* About this task *
A word-for-word copy of the line containing "this 1067×1600 image." and every following line to the end of the data below is all the answer should hold.

Records from a collection
------------------------------------------------

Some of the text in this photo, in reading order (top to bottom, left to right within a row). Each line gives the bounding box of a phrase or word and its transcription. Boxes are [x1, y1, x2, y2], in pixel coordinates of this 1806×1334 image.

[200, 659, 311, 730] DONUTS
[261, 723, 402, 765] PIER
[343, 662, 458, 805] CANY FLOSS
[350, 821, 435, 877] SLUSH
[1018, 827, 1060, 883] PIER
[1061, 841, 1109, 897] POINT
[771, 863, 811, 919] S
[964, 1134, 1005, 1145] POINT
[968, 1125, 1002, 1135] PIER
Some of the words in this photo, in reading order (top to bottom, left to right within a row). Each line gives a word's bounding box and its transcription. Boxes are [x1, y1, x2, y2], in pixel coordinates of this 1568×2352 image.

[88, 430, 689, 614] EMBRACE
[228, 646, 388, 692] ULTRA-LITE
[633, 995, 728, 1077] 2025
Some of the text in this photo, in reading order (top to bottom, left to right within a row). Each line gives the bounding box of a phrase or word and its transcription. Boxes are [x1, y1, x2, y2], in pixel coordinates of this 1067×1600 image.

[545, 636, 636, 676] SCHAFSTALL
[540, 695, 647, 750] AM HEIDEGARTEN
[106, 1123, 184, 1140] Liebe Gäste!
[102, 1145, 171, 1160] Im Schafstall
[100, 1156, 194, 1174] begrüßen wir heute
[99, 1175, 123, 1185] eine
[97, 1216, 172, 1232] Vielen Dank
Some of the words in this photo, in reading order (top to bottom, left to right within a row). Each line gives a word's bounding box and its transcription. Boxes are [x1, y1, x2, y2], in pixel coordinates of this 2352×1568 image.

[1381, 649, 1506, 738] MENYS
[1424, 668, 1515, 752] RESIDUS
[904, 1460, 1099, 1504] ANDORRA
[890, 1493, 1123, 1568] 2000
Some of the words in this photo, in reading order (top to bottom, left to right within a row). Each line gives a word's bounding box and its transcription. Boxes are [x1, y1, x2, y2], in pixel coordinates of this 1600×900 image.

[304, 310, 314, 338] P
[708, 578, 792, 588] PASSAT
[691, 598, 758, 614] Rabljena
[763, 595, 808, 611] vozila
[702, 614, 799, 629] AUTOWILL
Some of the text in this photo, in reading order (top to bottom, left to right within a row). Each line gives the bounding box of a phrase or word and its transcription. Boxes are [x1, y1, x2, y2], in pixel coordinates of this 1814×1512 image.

------------------------------------------------

* Result of this exercise *
Some of the text in this photo, in reading order (top to bottom, left to right within a row). Each line gives the bounding box of a phrase or word and its transcription. Boxes are [x1, y1, x2, y2], in pixel coordinates of this 1067×1600 image.

[545, 636, 636, 676] SCHAFSTALL
[540, 695, 647, 750] AM HEIDEGARTEN
[106, 1123, 184, 1140] Liebe Gäste!
[102, 1145, 171, 1160] Im Schafstall
[100, 1156, 194, 1174] begrüßen wir heute
[99, 1175, 123, 1185] eine
[97, 1216, 172, 1232] Vielen Dank
Some of the words in this photo, in reading order (top to bottom, left to right within a row). Each line gives a word's bounding box and its transcription. Boxes are [x1, y1, x2, y2], in pixel coordinates of this 2352×1568 image.

[1381, 649, 1506, 738] MENYS
[1424, 668, 1515, 752] RESIDUS
[904, 1460, 1099, 1504] ANDORRA
[890, 1493, 1123, 1568] 2000
Some of the words in this photo, in reading order (top to bottom, left to right within a row). Each line gives a word's bounding box and its transcription. Boxes are [x1, y1, x2, y2], in pixel coordinates of this 1600×900 image.

[304, 310, 314, 338] P
[708, 578, 792, 588] PASSAT
[691, 598, 758, 614] Rabljena
[763, 595, 808, 611] vozila
[702, 614, 799, 629] AUTOWILL
Some of the text in this photo, in reading order (top to bottom, left to right within a row). Each line gives the bounding box of a phrase or word and its transcription. Boxes are [x1, y1, x2, y2], in pixel coordinates of this 1814×1512 image.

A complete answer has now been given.